(Collection entries)
-=-=-
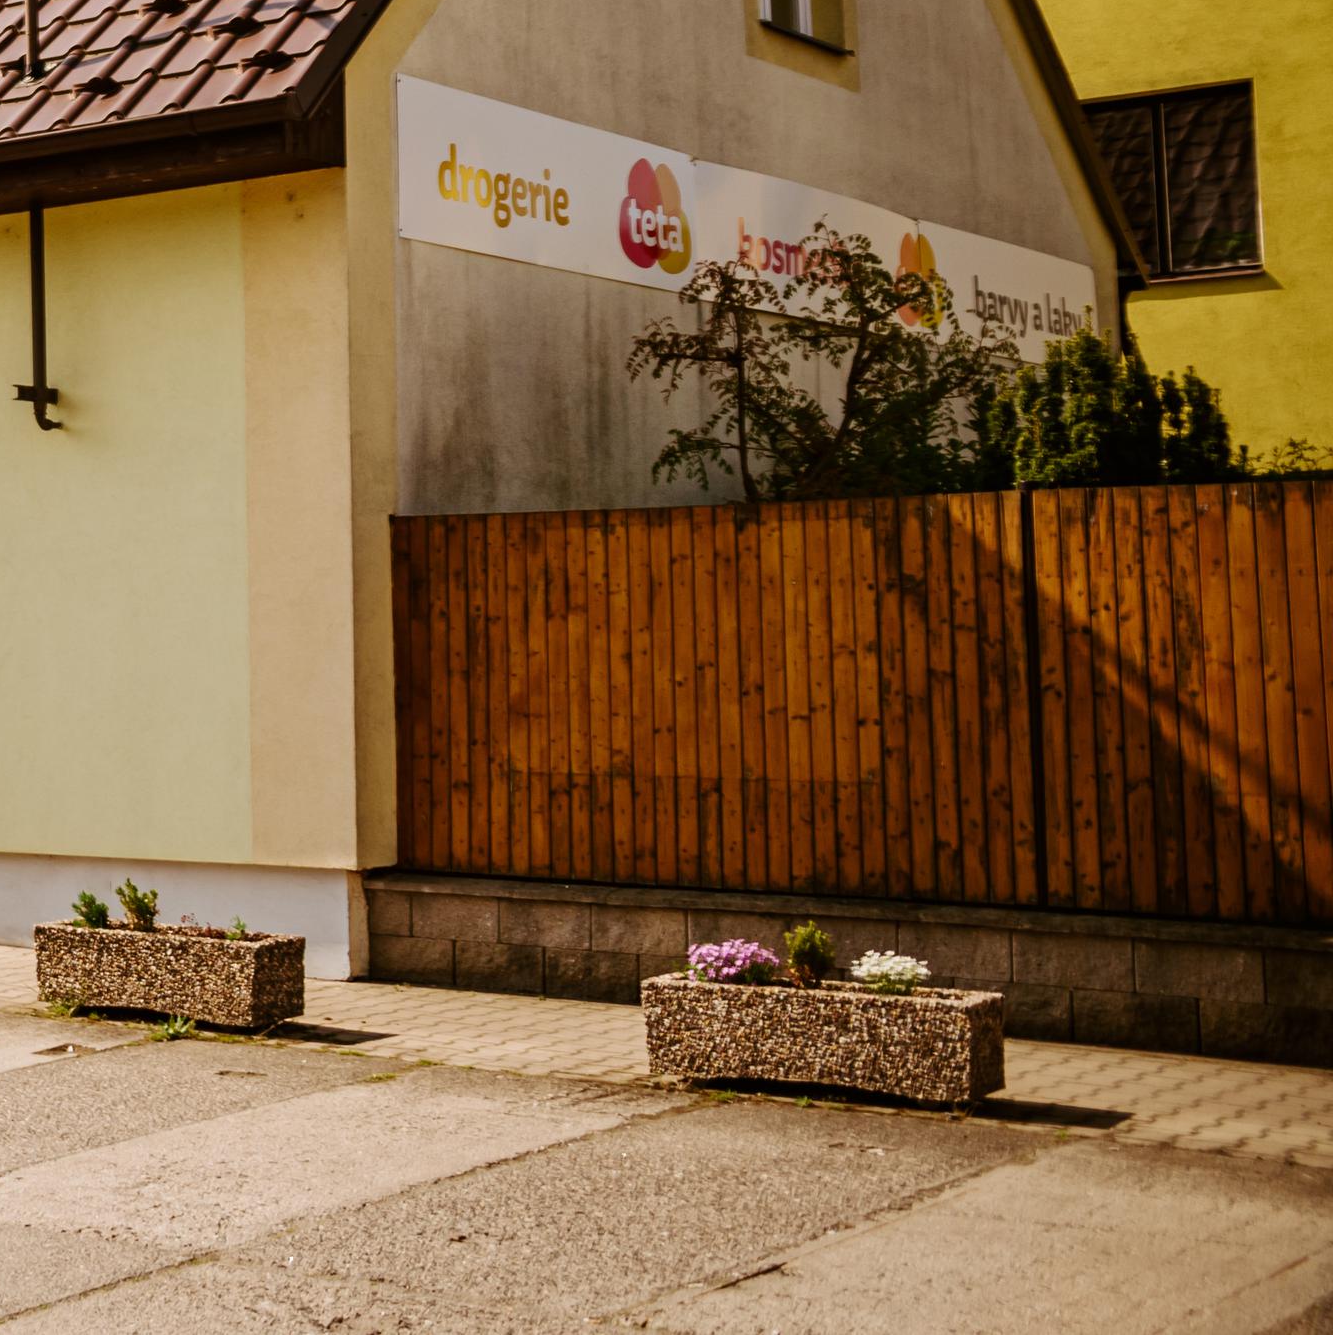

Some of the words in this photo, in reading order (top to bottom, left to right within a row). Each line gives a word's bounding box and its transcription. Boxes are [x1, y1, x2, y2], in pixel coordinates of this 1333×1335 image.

[438, 143, 570, 228] drogerie
[628, 198, 683, 253] teta
[974, 274, 1028, 338] barvy
[1033, 302, 1044, 332] a
-=-=-
§ **Exercise**: Return the entries verbatim without images.

§ **Exercise result**:
Some of the words in this photo, in reading order (top to bottom, left to right within a row). Each line gives a word's bounding box and its transcription. Boxes are [x1, y1, x2, y2], in pixel coordinates of this 1333×1335 image.

[438, 143, 570, 228] drogerie
[628, 198, 683, 253] teta
[974, 274, 1028, 338] barvy
[1033, 302, 1044, 332] a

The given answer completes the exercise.